* DATASET CONTENT *
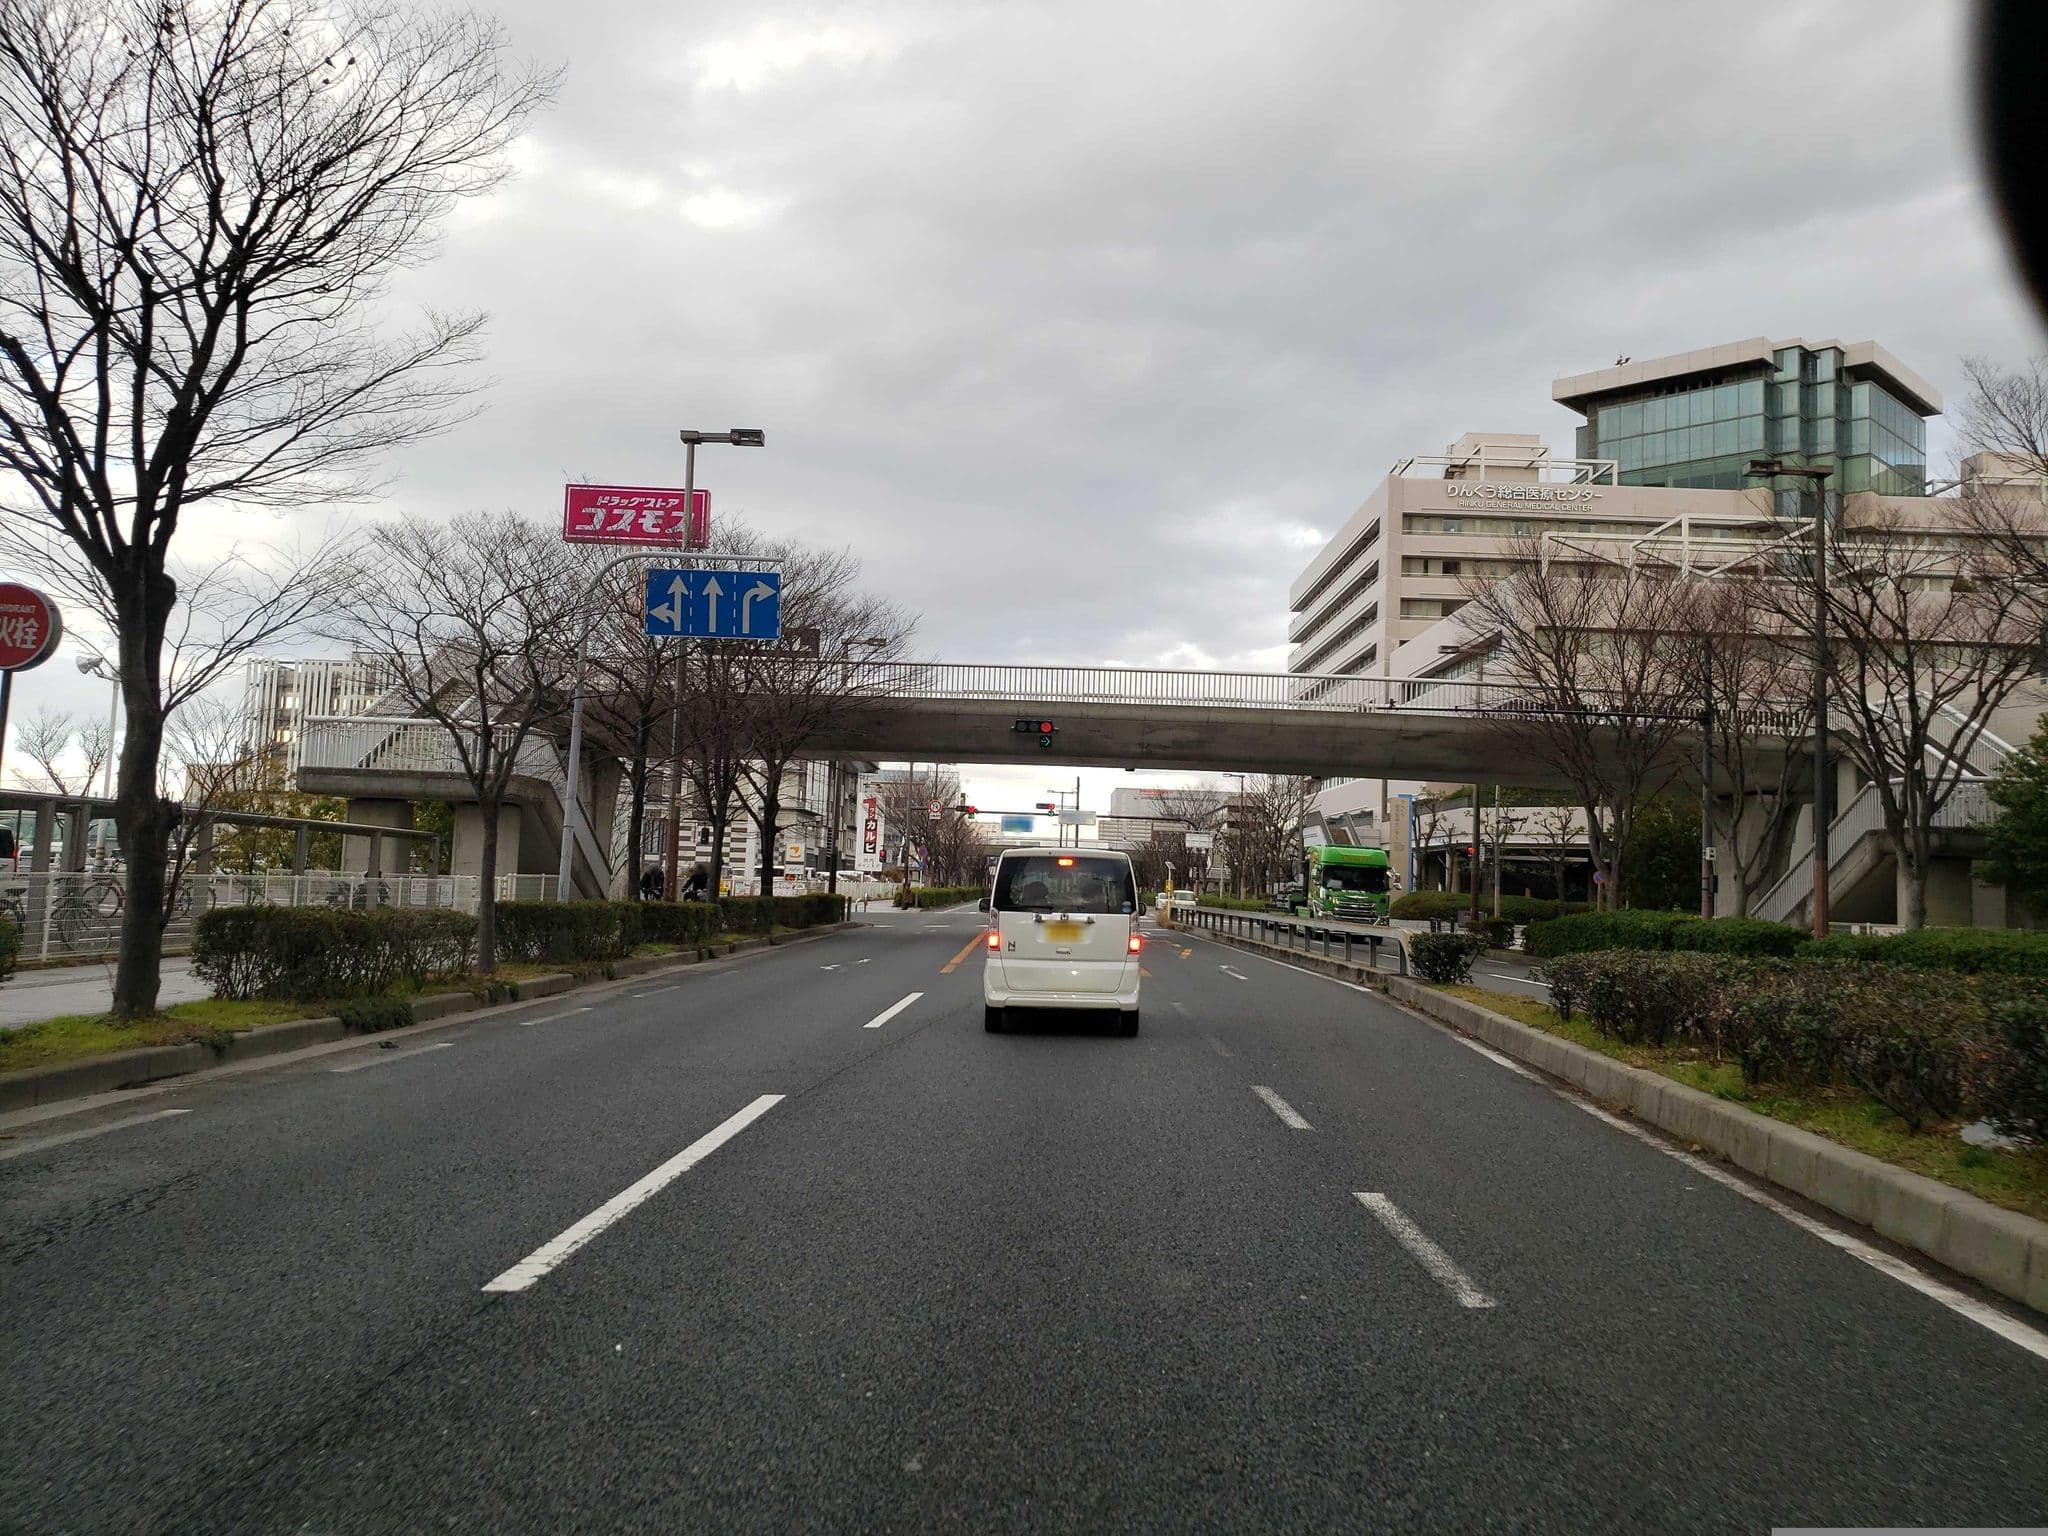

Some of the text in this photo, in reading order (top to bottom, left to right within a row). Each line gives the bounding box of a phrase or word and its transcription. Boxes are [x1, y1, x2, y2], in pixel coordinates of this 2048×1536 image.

[1447, 483, 1603, 501] りんくう総合医療センター
[597, 495, 680, 508] ドラッグストア
[1485, 501, 1522, 509] GENERAL
[1524, 502, 1560, 510] MEDICAL
[1561, 503, 1593, 511] CENTER

* WHAT YOU WILL DO *
Set the pictures aside and transcribe the data above exactly.

* TASK RESPONSE *
Some of the text in this photo, in reading order (top to bottom, left to right within a row). Each line gives the bounding box of a phrase or word and its transcription. Boxes are [x1, y1, x2, y2], in pixel coordinates of this 2048×1536 image.

[1447, 483, 1603, 501] りんくう総合医療センター
[597, 495, 680, 508] ドラッグストア
[1485, 501, 1522, 509] GENERAL
[1524, 502, 1560, 510] MEDICAL
[1561, 503, 1593, 511] CENTER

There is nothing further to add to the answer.